Stored data entries
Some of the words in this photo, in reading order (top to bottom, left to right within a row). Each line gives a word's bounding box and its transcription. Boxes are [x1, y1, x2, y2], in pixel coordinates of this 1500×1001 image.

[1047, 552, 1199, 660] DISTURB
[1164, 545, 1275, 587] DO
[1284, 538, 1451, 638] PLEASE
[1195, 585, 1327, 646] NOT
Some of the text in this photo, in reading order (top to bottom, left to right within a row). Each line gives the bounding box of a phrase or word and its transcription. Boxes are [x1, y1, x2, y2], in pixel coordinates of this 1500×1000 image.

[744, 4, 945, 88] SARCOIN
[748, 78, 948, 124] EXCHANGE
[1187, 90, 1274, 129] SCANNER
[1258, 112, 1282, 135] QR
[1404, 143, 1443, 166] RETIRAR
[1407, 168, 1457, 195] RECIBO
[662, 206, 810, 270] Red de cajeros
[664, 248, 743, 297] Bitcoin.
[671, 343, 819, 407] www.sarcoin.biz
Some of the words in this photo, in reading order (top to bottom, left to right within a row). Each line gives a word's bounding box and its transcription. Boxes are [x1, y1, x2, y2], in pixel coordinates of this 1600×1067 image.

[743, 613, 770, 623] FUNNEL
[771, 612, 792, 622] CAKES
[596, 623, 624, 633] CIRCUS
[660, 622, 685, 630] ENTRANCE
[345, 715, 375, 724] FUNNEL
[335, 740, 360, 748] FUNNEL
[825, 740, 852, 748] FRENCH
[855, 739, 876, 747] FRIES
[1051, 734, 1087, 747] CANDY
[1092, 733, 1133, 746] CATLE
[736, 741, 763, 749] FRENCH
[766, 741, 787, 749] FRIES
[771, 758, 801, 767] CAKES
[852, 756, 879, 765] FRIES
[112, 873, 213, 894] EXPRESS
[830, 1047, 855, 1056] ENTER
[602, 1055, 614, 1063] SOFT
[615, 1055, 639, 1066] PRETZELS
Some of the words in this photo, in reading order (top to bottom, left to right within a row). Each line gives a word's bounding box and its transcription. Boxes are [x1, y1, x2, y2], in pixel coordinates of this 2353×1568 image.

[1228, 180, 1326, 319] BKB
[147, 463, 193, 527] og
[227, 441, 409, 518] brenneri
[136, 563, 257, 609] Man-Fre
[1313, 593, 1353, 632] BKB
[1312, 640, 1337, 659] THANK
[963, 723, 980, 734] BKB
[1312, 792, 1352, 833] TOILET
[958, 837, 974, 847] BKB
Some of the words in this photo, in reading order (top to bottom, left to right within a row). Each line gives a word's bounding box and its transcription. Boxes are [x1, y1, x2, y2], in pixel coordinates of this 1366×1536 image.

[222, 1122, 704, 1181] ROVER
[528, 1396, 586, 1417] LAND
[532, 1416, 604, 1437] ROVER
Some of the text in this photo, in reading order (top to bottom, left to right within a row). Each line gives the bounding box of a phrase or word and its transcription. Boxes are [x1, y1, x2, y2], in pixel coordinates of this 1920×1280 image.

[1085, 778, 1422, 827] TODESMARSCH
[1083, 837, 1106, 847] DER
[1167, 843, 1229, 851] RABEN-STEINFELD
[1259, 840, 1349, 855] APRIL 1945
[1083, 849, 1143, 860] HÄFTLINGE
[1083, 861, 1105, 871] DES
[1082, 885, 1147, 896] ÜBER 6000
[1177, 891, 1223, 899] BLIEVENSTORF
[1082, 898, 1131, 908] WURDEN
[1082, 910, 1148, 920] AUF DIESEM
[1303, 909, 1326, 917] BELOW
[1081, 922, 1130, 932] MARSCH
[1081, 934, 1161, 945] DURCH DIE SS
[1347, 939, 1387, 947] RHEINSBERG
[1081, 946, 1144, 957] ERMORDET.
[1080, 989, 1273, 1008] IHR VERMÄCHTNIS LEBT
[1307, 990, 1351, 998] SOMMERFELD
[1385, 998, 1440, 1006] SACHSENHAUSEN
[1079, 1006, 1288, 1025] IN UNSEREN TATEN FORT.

Required work:
All of the records above are to be copied exactly.

Exercise output:
Some of the words in this photo, in reading order (top to bottom, left to right within a row). Each line gives a word's bounding box and its transcription. Boxes are [x1, y1, x2, y2], in pixel coordinates of this 1500×1001 image.

[1047, 552, 1199, 660] DISTURB
[1164, 545, 1275, 587] DO
[1284, 538, 1451, 638] PLEASE
[1195, 585, 1327, 646] NOT
Some of the text in this photo, in reading order (top to bottom, left to right within a row). Each line gives the bounding box of a phrase or word and its transcription. Boxes are [x1, y1, x2, y2], in pixel coordinates of this 1500×1000 image.

[744, 4, 945, 88] SARCOIN
[748, 78, 948, 124] EXCHANGE
[1187, 90, 1274, 129] SCANNER
[1258, 112, 1282, 135] QR
[1404, 143, 1443, 166] RETIRAR
[1407, 168, 1457, 195] RECIBO
[662, 206, 810, 270] Red de cajeros
[664, 248, 743, 297] Bitcoin.
[671, 343, 819, 407] www.sarcoin.biz
Some of the words in this photo, in reading order (top to bottom, left to right within a row). Each line gives a word's bounding box and its transcription. Boxes are [x1, y1, x2, y2], in pixel coordinates of this 1600×1067 image.

[743, 613, 770, 623] FUNNEL
[771, 612, 792, 622] CAKES
[596, 623, 624, 633] CIRCUS
[660, 622, 685, 630] ENTRANCE
[345, 715, 375, 724] FUNNEL
[335, 740, 360, 748] FUNNEL
[825, 740, 852, 748] FRENCH
[855, 739, 876, 747] FRIES
[1051, 734, 1087, 747] CANDY
[1092, 733, 1133, 746] CATLE
[736, 741, 763, 749] FRENCH
[766, 741, 787, 749] FRIES
[771, 758, 801, 767] CAKES
[852, 756, 879, 765] FRIES
[112, 873, 213, 894] EXPRESS
[830, 1047, 855, 1056] ENTER
[602, 1055, 614, 1063] SOFT
[615, 1055, 639, 1066] PRETZELS
Some of the words in this photo, in reading order (top to bottom, left to right within a row). Each line gives a word's bounding box and its transcription. Boxes are [x1, y1, x2, y2], in pixel coordinates of this 2353×1568 image.

[1228, 180, 1326, 319] BKB
[147, 463, 193, 527] og
[227, 441, 409, 518] brenneri
[136, 563, 257, 609] Man-Fre
[1313, 593, 1353, 632] BKB
[1312, 640, 1337, 659] THANK
[963, 723, 980, 734] BKB
[1312, 792, 1352, 833] TOILET
[958, 837, 974, 847] BKB
Some of the words in this photo, in reading order (top to bottom, left to right within a row). Each line gives a word's bounding box and its transcription. Boxes are [x1, y1, x2, y2], in pixel coordinates of this 1366×1536 image.

[222, 1122, 704, 1181] ROVER
[528, 1396, 586, 1417] LAND
[532, 1416, 604, 1437] ROVER
Some of the text in this photo, in reading order (top to bottom, left to right within a row). Each line gives the bounding box of a phrase or word and its transcription. Boxes are [x1, y1, x2, y2], in pixel coordinates of this 1920×1280 image.

[1085, 778, 1422, 827] TODESMARSCH
[1083, 837, 1106, 847] DER
[1167, 843, 1229, 851] RABEN-STEINFELD
[1259, 840, 1349, 855] APRIL 1945
[1083, 849, 1143, 860] HÄFTLINGE
[1083, 861, 1105, 871] DES
[1082, 885, 1147, 896] ÜBER 6000
[1177, 891, 1223, 899] BLIEVENSTORF
[1082, 898, 1131, 908] WURDEN
[1082, 910, 1148, 920] AUF DIESEM
[1303, 909, 1326, 917] BELOW
[1081, 922, 1130, 932] MARSCH
[1081, 934, 1161, 945] DURCH DIE SS
[1347, 939, 1387, 947] RHEINSBERG
[1081, 946, 1144, 957] ERMORDET.
[1080, 989, 1273, 1008] IHR VERMÄCHTNIS LEBT
[1307, 990, 1351, 998] SOMMERFELD
[1385, 998, 1440, 1006] SACHSENHAUSEN
[1079, 1006, 1288, 1025] IN UNSEREN TATEN FORT.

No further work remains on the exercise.